Exercise ::
Set down every entry again exactly as it stands below.

Data extract ::
• • •
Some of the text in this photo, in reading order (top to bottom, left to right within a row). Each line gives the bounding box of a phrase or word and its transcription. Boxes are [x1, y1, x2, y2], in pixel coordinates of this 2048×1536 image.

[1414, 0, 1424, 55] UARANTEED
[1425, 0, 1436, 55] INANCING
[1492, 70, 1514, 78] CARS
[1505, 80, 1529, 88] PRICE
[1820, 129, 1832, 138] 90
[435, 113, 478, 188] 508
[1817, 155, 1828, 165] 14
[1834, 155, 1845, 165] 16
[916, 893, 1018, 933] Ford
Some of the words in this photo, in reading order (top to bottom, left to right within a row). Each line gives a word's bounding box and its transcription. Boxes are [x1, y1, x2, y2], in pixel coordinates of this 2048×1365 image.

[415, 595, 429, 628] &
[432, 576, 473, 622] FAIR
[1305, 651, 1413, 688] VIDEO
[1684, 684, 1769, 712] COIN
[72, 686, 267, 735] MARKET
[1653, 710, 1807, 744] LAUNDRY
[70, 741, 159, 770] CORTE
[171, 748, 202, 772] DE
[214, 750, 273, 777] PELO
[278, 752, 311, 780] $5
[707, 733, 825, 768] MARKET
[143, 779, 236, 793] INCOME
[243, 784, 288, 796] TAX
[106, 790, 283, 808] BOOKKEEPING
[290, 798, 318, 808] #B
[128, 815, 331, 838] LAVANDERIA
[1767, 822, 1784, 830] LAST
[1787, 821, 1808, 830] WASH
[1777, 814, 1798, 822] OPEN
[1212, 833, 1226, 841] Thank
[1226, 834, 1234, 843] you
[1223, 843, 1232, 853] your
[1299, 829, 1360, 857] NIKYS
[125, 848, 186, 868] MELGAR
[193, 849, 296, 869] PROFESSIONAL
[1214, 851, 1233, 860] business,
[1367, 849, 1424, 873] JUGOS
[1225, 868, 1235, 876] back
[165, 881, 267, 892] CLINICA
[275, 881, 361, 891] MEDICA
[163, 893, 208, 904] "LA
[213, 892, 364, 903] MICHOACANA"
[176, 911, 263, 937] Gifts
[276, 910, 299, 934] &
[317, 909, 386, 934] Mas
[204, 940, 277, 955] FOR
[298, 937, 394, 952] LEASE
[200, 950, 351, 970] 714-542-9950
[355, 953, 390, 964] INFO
• • •
Response to this exercise ::
Some of the text in this photo, in reading order (top to bottom, left to right within a row). Each line gives the bounding box of a phrase or word and its transcription. Boxes are [x1, y1, x2, y2], in pixel coordinates of this 2048×1536 image.

[1414, 0, 1424, 55] UARANTEED
[1425, 0, 1436, 55] INANCING
[1492, 70, 1514, 78] CARS
[1505, 80, 1529, 88] PRICE
[1820, 129, 1832, 138] 90
[435, 113, 478, 188] 508
[1817, 155, 1828, 165] 14
[1834, 155, 1845, 165] 16
[916, 893, 1018, 933] Ford
Some of the words in this photo, in reading order (top to bottom, left to right within a row). Each line gives a word's bounding box and its transcription. Boxes are [x1, y1, x2, y2], in pixel coordinates of this 2048×1365 image.

[415, 595, 429, 628] &
[432, 576, 473, 622] FAIR
[1305, 651, 1413, 688] VIDEO
[1684, 684, 1769, 712] COIN
[72, 686, 267, 735] MARKET
[1653, 710, 1807, 744] LAUNDRY
[70, 741, 159, 770] CORTE
[171, 748, 202, 772] DE
[214, 750, 273, 777] PELO
[278, 752, 311, 780] $5
[707, 733, 825, 768] MARKET
[143, 779, 236, 793] INCOME
[243, 784, 288, 796] TAX
[106, 790, 283, 808] BOOKKEEPING
[290, 798, 318, 808] #B
[128, 815, 331, 838] LAVANDERIA
[1767, 822, 1784, 830] LAST
[1787, 821, 1808, 830] WASH
[1777, 814, 1798, 822] OPEN
[1212, 833, 1226, 841] Thank
[1226, 834, 1234, 843] you
[1223, 843, 1232, 853] your
[1299, 829, 1360, 857] NIKYS
[125, 848, 186, 868] MELGAR
[193, 849, 296, 869] PROFESSIONAL
[1214, 851, 1233, 860] business,
[1367, 849, 1424, 873] JUGOS
[1225, 868, 1235, 876] back
[165, 881, 267, 892] CLINICA
[275, 881, 361, 891] MEDICA
[163, 893, 208, 904] "LA
[213, 892, 364, 903] MICHOACANA"
[176, 911, 263, 937] Gifts
[276, 910, 299, 934] &
[317, 909, 386, 934] Mas
[204, 940, 277, 955] FOR
[298, 937, 394, 952] LEASE
[200, 950, 351, 970] 714-542-9950
[355, 953, 390, 964] INFO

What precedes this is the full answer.